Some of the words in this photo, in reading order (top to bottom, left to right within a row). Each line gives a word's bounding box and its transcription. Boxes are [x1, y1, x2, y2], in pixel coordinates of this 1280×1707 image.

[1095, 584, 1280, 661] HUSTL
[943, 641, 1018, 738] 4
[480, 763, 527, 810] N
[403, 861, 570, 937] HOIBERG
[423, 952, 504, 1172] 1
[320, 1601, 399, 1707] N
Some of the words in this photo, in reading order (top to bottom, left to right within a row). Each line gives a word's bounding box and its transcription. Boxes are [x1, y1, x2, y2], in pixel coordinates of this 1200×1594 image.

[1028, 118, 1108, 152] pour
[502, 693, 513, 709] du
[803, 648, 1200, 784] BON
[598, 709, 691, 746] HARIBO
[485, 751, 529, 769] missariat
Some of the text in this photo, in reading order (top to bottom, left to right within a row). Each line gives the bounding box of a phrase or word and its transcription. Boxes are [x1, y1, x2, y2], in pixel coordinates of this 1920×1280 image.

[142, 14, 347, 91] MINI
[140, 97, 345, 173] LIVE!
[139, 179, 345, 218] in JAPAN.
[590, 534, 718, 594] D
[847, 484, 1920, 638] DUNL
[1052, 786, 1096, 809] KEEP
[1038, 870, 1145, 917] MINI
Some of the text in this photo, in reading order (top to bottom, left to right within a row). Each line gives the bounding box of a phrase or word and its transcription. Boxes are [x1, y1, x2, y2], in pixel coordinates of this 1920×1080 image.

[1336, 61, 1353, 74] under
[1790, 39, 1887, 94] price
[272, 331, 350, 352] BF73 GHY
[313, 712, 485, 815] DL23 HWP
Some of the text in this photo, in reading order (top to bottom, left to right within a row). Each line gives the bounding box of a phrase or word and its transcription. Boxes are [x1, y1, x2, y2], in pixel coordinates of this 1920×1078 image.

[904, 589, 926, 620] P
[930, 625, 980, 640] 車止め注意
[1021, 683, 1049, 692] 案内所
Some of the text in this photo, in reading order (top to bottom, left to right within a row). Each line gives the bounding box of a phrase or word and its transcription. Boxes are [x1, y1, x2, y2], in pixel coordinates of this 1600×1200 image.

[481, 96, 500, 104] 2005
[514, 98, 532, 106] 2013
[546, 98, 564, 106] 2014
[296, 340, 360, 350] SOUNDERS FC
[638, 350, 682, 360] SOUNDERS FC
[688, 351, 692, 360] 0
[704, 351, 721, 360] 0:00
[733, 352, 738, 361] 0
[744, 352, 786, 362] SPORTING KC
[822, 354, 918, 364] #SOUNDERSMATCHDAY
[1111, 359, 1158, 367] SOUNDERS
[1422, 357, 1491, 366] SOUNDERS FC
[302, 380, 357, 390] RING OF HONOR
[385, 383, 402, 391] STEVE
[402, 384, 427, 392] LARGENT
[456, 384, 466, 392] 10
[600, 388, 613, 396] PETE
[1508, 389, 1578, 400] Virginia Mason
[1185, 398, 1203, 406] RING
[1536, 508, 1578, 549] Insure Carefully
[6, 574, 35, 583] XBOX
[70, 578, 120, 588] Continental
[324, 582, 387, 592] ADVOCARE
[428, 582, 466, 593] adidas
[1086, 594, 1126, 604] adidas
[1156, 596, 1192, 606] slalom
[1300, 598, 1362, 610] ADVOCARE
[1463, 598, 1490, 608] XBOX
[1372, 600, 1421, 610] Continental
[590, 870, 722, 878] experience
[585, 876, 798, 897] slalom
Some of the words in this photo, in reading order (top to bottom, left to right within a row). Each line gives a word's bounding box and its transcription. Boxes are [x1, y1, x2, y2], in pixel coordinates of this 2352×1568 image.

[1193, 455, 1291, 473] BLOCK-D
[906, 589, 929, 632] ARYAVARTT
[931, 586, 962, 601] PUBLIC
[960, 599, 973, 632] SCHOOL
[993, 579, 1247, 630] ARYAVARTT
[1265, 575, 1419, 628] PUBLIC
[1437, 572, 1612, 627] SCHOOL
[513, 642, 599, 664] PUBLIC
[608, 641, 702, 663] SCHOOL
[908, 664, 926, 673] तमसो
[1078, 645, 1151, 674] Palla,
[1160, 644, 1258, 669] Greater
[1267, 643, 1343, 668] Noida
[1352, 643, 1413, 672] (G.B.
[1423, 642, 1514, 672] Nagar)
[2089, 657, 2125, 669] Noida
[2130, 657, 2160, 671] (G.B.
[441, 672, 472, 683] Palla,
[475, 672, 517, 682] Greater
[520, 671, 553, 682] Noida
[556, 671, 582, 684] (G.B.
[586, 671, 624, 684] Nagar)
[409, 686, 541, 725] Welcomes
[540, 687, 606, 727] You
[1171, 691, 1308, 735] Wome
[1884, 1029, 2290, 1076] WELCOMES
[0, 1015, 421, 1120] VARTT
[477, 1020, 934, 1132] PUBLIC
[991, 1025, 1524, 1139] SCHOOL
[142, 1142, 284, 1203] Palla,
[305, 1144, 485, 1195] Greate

■ TASK TO CARRY OUT ■
Word for word, write out the data.

■ SOLUTION BELOW ■
Some of the words in this photo, in reading order (top to bottom, left to right within a row). Each line gives a word's bounding box and its transcription. Boxes are [x1, y1, x2, y2], in pixel coordinates of this 1280×1707 image.

[1095, 584, 1280, 661] HUSTL
[943, 641, 1018, 738] 4
[480, 763, 527, 810] N
[403, 861, 570, 937] HOIBERG
[423, 952, 504, 1172] 1
[320, 1601, 399, 1707] N
Some of the words in this photo, in reading order (top to bottom, left to right within a row). Each line gives a word's bounding box and its transcription. Boxes are [x1, y1, x2, y2], in pixel coordinates of this 1200×1594 image.

[1028, 118, 1108, 152] pour
[502, 693, 513, 709] du
[803, 648, 1200, 784] BON
[598, 709, 691, 746] HARIBO
[485, 751, 529, 769] missariat
Some of the text in this photo, in reading order (top to bottom, left to right within a row). Each line gives the bounding box of a phrase or word and its transcription. Boxes are [x1, y1, x2, y2], in pixel coordinates of this 1920×1280 image.

[142, 14, 347, 91] MINI
[140, 97, 345, 173] LIVE!
[139, 179, 345, 218] in JAPAN.
[590, 534, 718, 594] D
[847, 484, 1920, 638] DUNL
[1052, 786, 1096, 809] KEEP
[1038, 870, 1145, 917] MINI
Some of the text in this photo, in reading order (top to bottom, left to right within a row). Each line gives the bounding box of a phrase or word and its transcription. Boxes are [x1, y1, x2, y2], in pixel coordinates of this 1920×1080 image.

[1336, 61, 1353, 74] under
[1790, 39, 1887, 94] price
[272, 331, 350, 352] BF73 GHY
[313, 712, 485, 815] DL23 HWP
Some of the text in this photo, in reading order (top to bottom, left to right within a row). Each line gives the bounding box of a phrase or word and its transcription. Boxes are [x1, y1, x2, y2], in pixel coordinates of this 1920×1078 image.

[904, 589, 926, 620] P
[930, 625, 980, 640] 車止め注意
[1021, 683, 1049, 692] 案内所
Some of the text in this photo, in reading order (top to bottom, left to right within a row). Each line gives the bounding box of a phrase or word and its transcription. Boxes are [x1, y1, x2, y2], in pixel coordinates of this 1600×1200 image.

[481, 96, 500, 104] 2005
[514, 98, 532, 106] 2013
[546, 98, 564, 106] 2014
[296, 340, 360, 350] SOUNDERS FC
[638, 350, 682, 360] SOUNDERS FC
[688, 351, 692, 360] 0
[704, 351, 721, 360] 0:00
[733, 352, 738, 361] 0
[744, 352, 786, 362] SPORTING KC
[822, 354, 918, 364] #SOUNDERSMATCHDAY
[1111, 359, 1158, 367] SOUNDERS
[1422, 357, 1491, 366] SOUNDERS FC
[302, 380, 357, 390] RING OF HONOR
[385, 383, 402, 391] STEVE
[402, 384, 427, 392] LARGENT
[456, 384, 466, 392] 10
[600, 388, 613, 396] PETE
[1508, 389, 1578, 400] Virginia Mason
[1185, 398, 1203, 406] RING
[1536, 508, 1578, 549] Insure Carefully
[6, 574, 35, 583] XBOX
[70, 578, 120, 588] Continental
[324, 582, 387, 592] ADVOCARE
[428, 582, 466, 593] adidas
[1086, 594, 1126, 604] adidas
[1156, 596, 1192, 606] slalom
[1300, 598, 1362, 610] ADVOCARE
[1463, 598, 1490, 608] XBOX
[1372, 600, 1421, 610] Continental
[590, 870, 722, 878] experience
[585, 876, 798, 897] slalom
Some of the words in this photo, in reading order (top to bottom, left to right within a row). Each line gives a word's bounding box and its transcription. Boxes are [x1, y1, x2, y2], in pixel coordinates of this 2352×1568 image.

[1193, 455, 1291, 473] BLOCK-D
[906, 589, 929, 632] ARYAVARTT
[931, 586, 962, 601] PUBLIC
[960, 599, 973, 632] SCHOOL
[993, 579, 1247, 630] ARYAVARTT
[1265, 575, 1419, 628] PUBLIC
[1437, 572, 1612, 627] SCHOOL
[513, 642, 599, 664] PUBLIC
[608, 641, 702, 663] SCHOOL
[908, 664, 926, 673] तमसो
[1078, 645, 1151, 674] Palla,
[1160, 644, 1258, 669] Greater
[1267, 643, 1343, 668] Noida
[1352, 643, 1413, 672] (G.B.
[1423, 642, 1514, 672] Nagar)
[2089, 657, 2125, 669] Noida
[2130, 657, 2160, 671] (G.B.
[441, 672, 472, 683] Palla,
[475, 672, 517, 682] Greater
[520, 671, 553, 682] Noida
[556, 671, 582, 684] (G.B.
[586, 671, 624, 684] Nagar)
[409, 686, 541, 725] Welcomes
[540, 687, 606, 727] You
[1171, 691, 1308, 735] Wome
[1884, 1029, 2290, 1076] WELCOMES
[0, 1015, 421, 1120] VARTT
[477, 1020, 934, 1132] PUBLIC
[991, 1025, 1524, 1139] SCHOOL
[142, 1142, 284, 1203] Palla,
[305, 1144, 485, 1195] Greate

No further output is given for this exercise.